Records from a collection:
>>>>>

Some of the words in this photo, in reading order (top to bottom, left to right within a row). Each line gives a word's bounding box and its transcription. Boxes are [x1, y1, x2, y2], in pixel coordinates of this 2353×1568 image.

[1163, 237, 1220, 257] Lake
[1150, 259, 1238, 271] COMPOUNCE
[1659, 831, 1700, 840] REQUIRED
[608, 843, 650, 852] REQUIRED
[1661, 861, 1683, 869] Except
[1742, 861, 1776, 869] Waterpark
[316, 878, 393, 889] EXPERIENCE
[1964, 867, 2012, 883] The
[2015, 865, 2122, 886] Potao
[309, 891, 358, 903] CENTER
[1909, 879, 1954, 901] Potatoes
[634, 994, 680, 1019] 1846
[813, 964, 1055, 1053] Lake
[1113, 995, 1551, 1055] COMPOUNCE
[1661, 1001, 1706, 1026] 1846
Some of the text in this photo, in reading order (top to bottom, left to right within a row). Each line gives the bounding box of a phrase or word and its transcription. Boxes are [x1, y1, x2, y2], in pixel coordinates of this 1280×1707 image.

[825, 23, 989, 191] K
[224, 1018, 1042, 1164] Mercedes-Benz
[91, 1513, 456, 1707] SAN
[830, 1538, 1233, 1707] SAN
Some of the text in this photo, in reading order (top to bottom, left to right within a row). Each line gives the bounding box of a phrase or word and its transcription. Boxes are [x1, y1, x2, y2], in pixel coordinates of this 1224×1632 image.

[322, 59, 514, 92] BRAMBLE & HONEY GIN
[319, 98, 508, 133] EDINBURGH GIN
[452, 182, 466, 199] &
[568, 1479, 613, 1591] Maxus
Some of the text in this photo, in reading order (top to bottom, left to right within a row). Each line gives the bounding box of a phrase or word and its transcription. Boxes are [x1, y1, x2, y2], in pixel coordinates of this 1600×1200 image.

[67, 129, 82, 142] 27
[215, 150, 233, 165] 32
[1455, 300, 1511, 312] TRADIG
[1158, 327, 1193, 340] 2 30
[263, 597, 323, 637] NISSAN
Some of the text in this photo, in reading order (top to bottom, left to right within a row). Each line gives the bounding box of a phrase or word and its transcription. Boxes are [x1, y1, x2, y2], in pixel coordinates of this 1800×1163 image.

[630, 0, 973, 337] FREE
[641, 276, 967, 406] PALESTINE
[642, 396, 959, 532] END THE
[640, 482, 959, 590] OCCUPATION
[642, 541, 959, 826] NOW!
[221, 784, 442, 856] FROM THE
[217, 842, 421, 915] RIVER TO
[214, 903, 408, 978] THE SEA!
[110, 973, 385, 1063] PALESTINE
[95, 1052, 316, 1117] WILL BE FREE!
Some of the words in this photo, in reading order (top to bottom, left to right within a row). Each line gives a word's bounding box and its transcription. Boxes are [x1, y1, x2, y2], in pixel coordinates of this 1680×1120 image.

<<<<<

** Task prompt **
Write out the records again so that each line matches the original exactly.

** Answer to the problem **
Some of the words in this photo, in reading order (top to bottom, left to right within a row). Each line gives a word's bounding box and its transcription. Boxes are [x1, y1, x2, y2], in pixel coordinates of this 2353×1568 image.

[1163, 237, 1220, 257] Lake
[1150, 259, 1238, 271] COMPOUNCE
[1659, 831, 1700, 840] REQUIRED
[608, 843, 650, 852] REQUIRED
[1661, 861, 1683, 869] Except
[1742, 861, 1776, 869] Waterpark
[316, 878, 393, 889] EXPERIENCE
[1964, 867, 2012, 883] The
[2015, 865, 2122, 886] Potao
[309, 891, 358, 903] CENTER
[1909, 879, 1954, 901] Potatoes
[634, 994, 680, 1019] 1846
[813, 964, 1055, 1053] Lake
[1113, 995, 1551, 1055] COMPOUNCE
[1661, 1001, 1706, 1026] 1846
Some of the text in this photo, in reading order (top to bottom, left to right within a row). Each line gives the bounding box of a phrase or word and its transcription. Boxes are [x1, y1, x2, y2], in pixel coordinates of this 1280×1707 image.

[825, 23, 989, 191] K
[224, 1018, 1042, 1164] Mercedes-Benz
[91, 1513, 456, 1707] SAN
[830, 1538, 1233, 1707] SAN
Some of the text in this photo, in reading order (top to bottom, left to right within a row). Each line gives the bounding box of a phrase or word and its transcription. Boxes are [x1, y1, x2, y2], in pixel coordinates of this 1224×1632 image.

[322, 59, 514, 92] BRAMBLE & HONEY GIN
[319, 98, 508, 133] EDINBURGH GIN
[452, 182, 466, 199] &
[568, 1479, 613, 1591] Maxus
Some of the text in this photo, in reading order (top to bottom, left to right within a row). Each line gives the bounding box of a phrase or word and its transcription. Boxes are [x1, y1, x2, y2], in pixel coordinates of this 1600×1200 image.

[67, 129, 82, 142] 27
[215, 150, 233, 165] 32
[1455, 300, 1511, 312] TRADIG
[1158, 327, 1193, 340] 2 30
[263, 597, 323, 637] NISSAN
Some of the text in this photo, in reading order (top to bottom, left to right within a row). Each line gives the bounding box of a phrase or word and its transcription. Boxes are [x1, y1, x2, y2], in pixel coordinates of this 1800×1163 image.

[630, 0, 973, 337] FREE
[641, 276, 967, 406] PALESTINE
[642, 396, 959, 532] END THE
[640, 482, 959, 590] OCCUPATION
[642, 541, 959, 826] NOW!
[221, 784, 442, 856] FROM THE
[217, 842, 421, 915] RIVER TO
[214, 903, 408, 978] THE SEA!
[110, 973, 385, 1063] PALESTINE
[95, 1052, 316, 1117] WILL BE FREE!
Some of the words in this photo, in reading order (top to bottom, left to right within a row). Each line gives a word's bounding box and its transcription. Boxes are [x1, y1, x2, y2], in pixel coordinates of this 1680×1120 image.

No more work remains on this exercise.